*** Record extracts ***
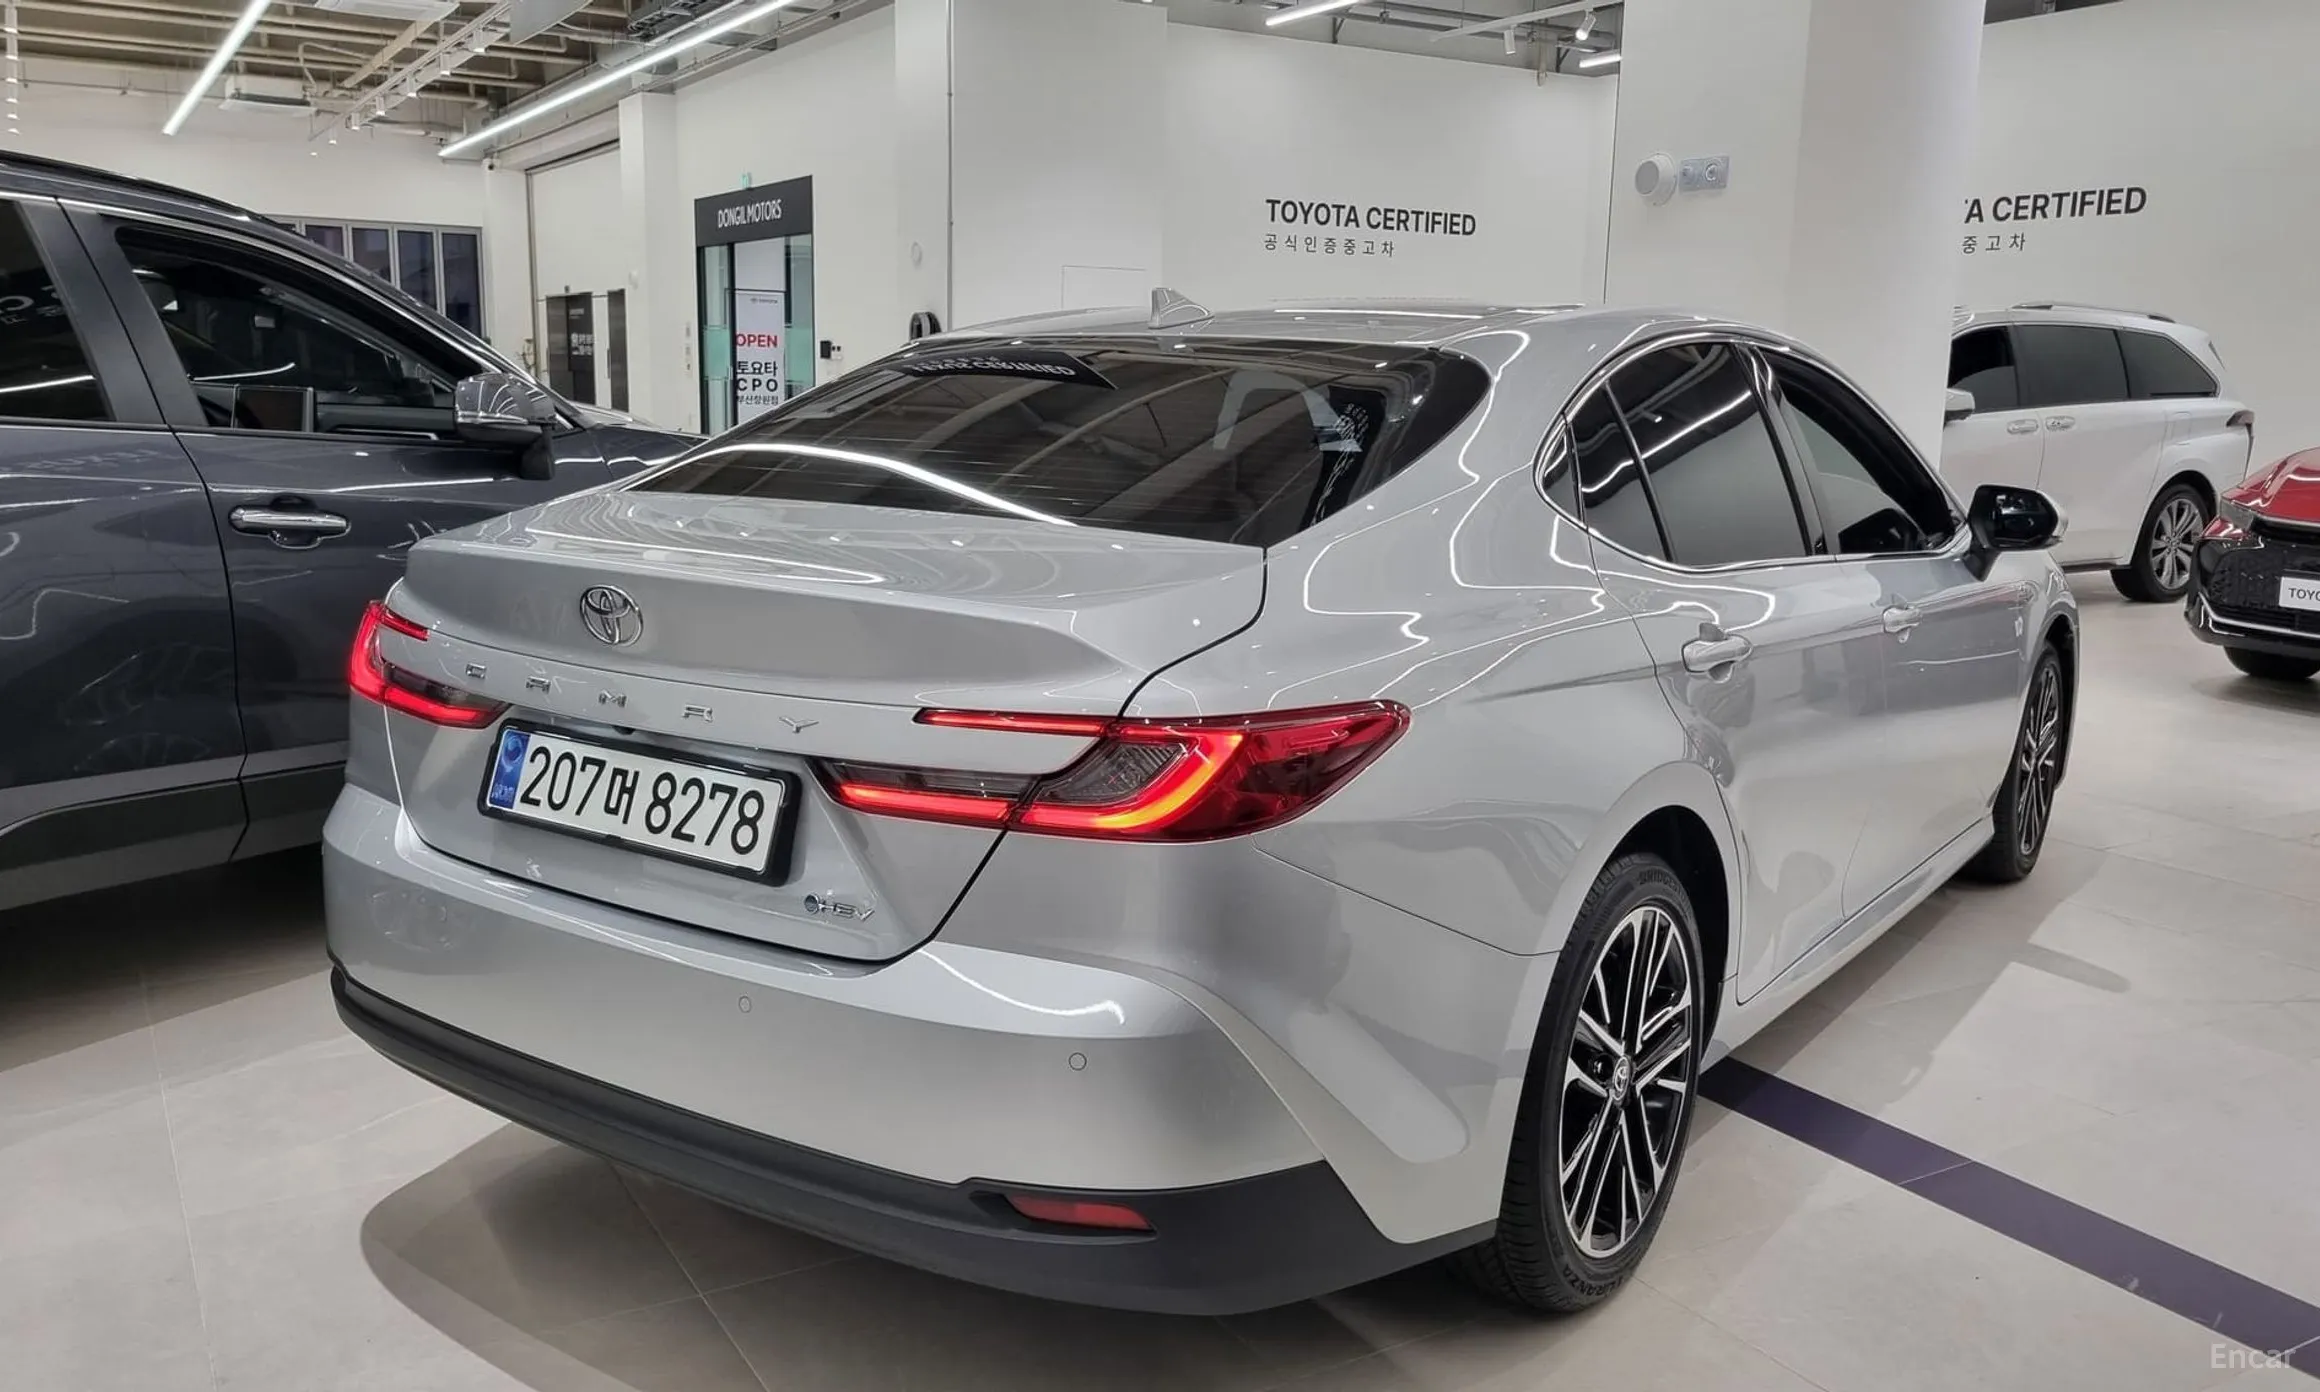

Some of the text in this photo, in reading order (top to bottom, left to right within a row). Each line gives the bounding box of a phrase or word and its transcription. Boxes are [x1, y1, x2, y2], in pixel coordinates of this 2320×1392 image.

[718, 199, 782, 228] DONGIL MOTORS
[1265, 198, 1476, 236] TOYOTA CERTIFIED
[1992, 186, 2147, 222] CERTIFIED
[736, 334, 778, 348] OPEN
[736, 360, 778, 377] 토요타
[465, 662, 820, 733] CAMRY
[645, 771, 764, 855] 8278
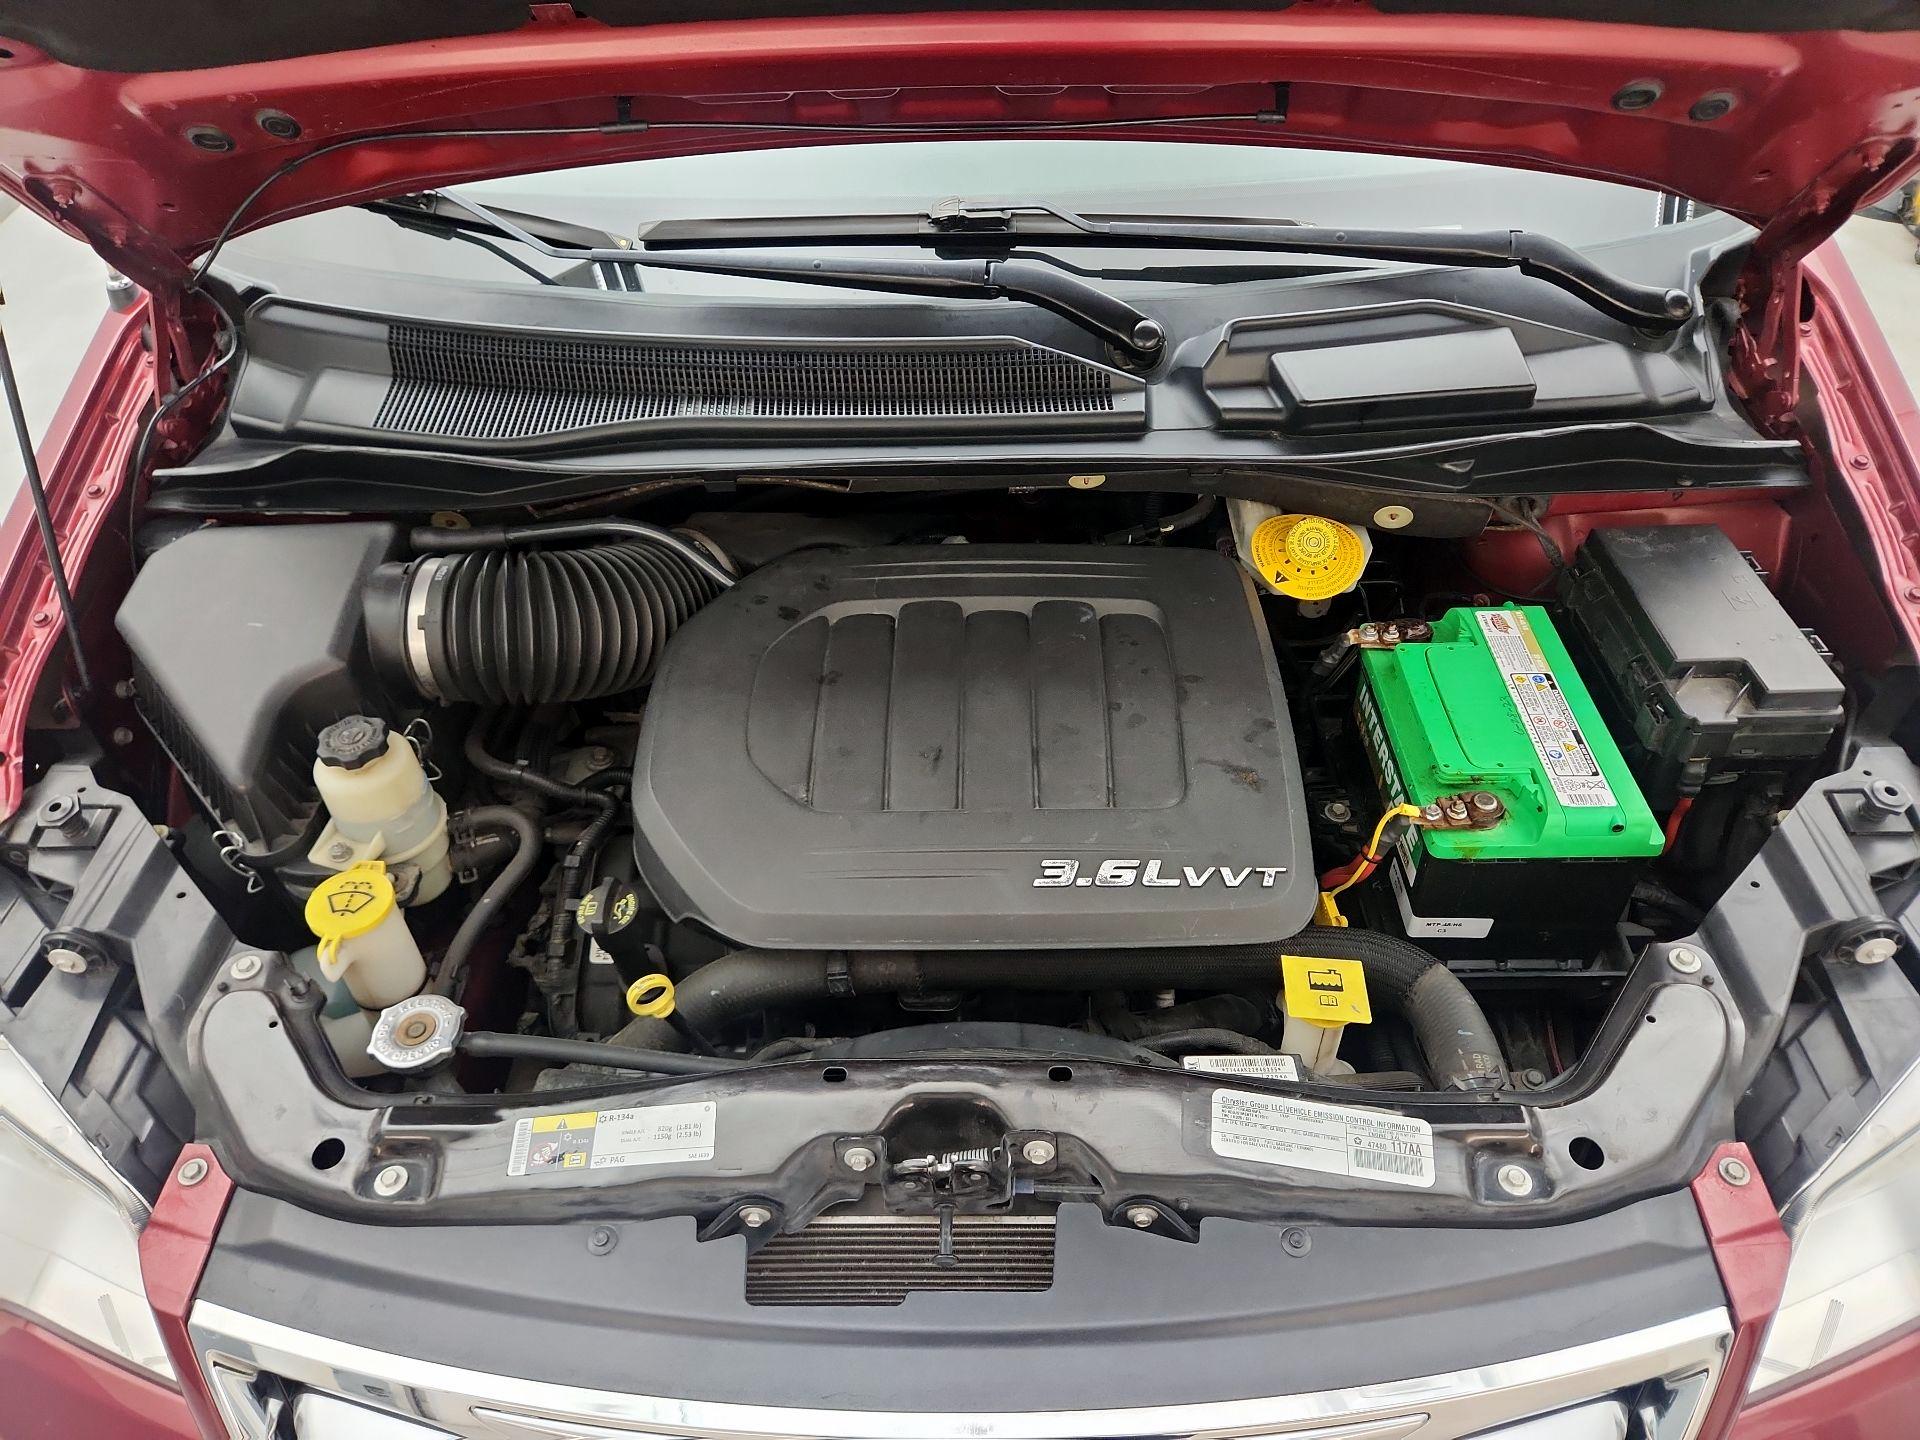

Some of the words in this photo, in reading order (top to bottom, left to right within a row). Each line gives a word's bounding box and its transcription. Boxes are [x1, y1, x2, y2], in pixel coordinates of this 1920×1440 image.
*** End of Record extracts ***
■ Your task ■
Give back the records above word for word, minus any image they hold.

■ Answer for the task ■
Some of the text in this photo, in reading order (top to bottom, left to right within a row). Each line gives the bounding box of a phrase or word and its transcription. Boxes are [x1, y1, x2, y2], in pixel coordinates of this 2320×1392 image.

[718, 199, 782, 228] DONGIL MOTORS
[1265, 198, 1476, 236] TOYOTA CERTIFIED
[1992, 186, 2147, 222] CERTIFIED
[736, 334, 778, 348] OPEN
[736, 360, 778, 377] 토요타
[465, 662, 820, 733] CAMRY
[645, 771, 764, 855] 8278

Some of the words in this photo, in reading order (top to bottom, left to right within a row). Each line gives a word's bounding box and its transcription. Boxes are [x1, y1, x2, y2], in pixel coordinates of this 1920×1440 image.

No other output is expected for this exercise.